Contam que depois de a ter matado abandonou o corpo no hospital. De acordo Manuel Purri, quando chegou no local do crime, lhe foi informado que o corpo já tinha sido levado para o Hospital do Zango. Já no hospital, soube que o corpo foi depositado sem qualquer registro e foi dado como abandonado. "O pessoal em serviço disse-me que o jovem que a trouxe escapou da polícia que esteve no hospital", narrou.
"Ao observar o corpo, confirmou-se que era da minha filha, e tinha o crânio fracturado e o estômago rebentado. Essa informação veio expressa no resultado da autopsia e constou do boletim de óbito", disse, acrescentando que Edson, depois de depositar o corpo na morgue, regressou para casa como se nada tivesse acontecido. No entanto, os vizinhos revoltados, agarraram-no e levaram-no à esquadra policial.
SIC protege criminoso?
De acordo com o país da malograda, o chefe dos Serviços de Investigação Criminal (SIC) de Viana estaria alegadamente a proteger o assassino.

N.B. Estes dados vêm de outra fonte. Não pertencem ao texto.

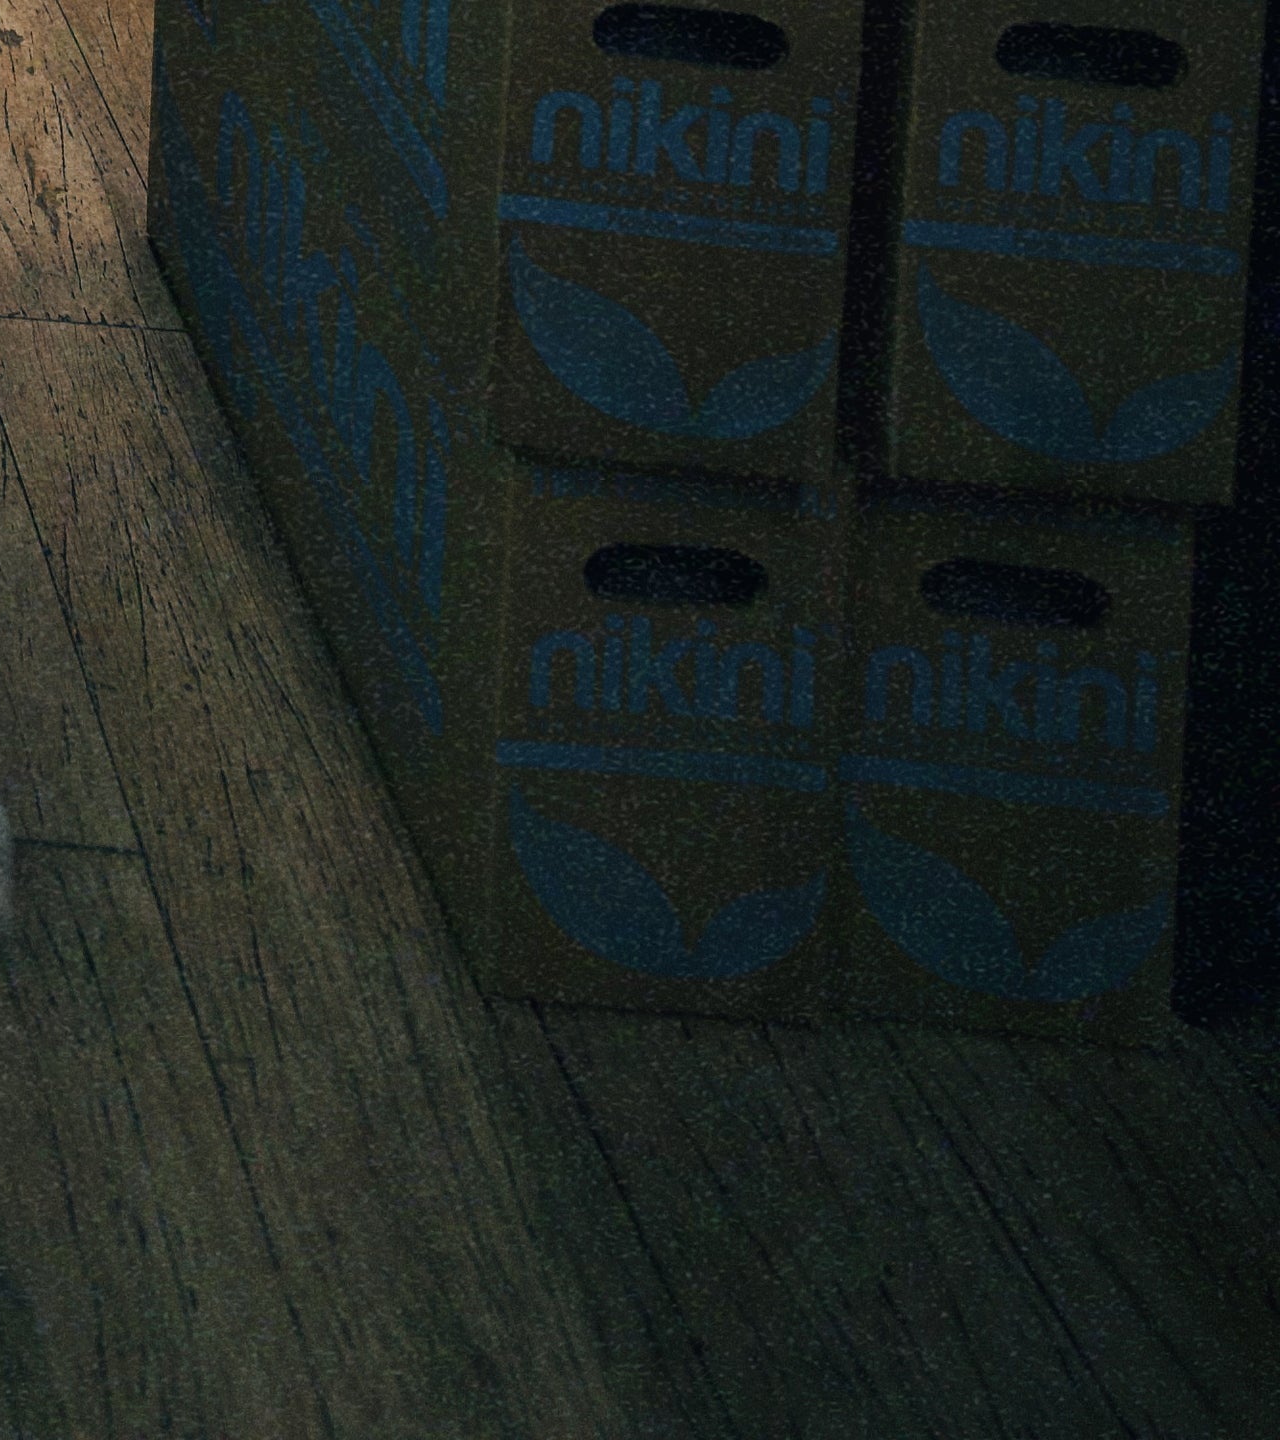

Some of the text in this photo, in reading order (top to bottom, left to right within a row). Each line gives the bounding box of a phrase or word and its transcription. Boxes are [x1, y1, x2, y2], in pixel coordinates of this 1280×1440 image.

[531, 74, 833, 196] nikini
[937, 93, 1234, 213] nikini
[530, 612, 817, 729] nikini
[864, 629, 1158, 756] nikini

A acusação surge na sequência da inexistência de um instrutor que velasse pelo caso. "Tivemos uma forte briga, só depois de ele notar que eu quase perdia a cabeça é que indicou um Investigador", informou.
O Paí do suposto assassino é perito na matéria e é chefe do Departamento do INFOP do Comando de Polícia de Viana. A ligação do pai de Edson à polícia, propicia muita desconfiava. Aliás, é apontado como tendo ido à casa do filho para apagar todas as provas do crime, muito antes da equipa de peritos lá estar.
"Eu peço apenas que se faça justiça, afinal o Edson Van-Dúnem tirou a vida de alguém, um ser humano, reiterou, avisando que vai activar todos os mecanismos para que o processo não seja engavetado.
Um histórico de violência
Já retirei a minha filha de casa do rapaz por duas vezes, mas o jovem vinha sempre buscá-la e até chegou a pedir-me de joelhos, com argumentos de que amava a mulher", contou, lembrando que o jovem, querendo demonstrar que amava muito a sua esposa, chegou a ingerir veneno, quando lhe foi dito que Vanuza já não voltaria a viver com ele.
Foi uma vivência de apenas um ano e oito meses de muita turbulência. "O rapaz é violento, mas a nossa filha foi muito teimosa", acusou, referindo que previa que essa relação não seria para durar.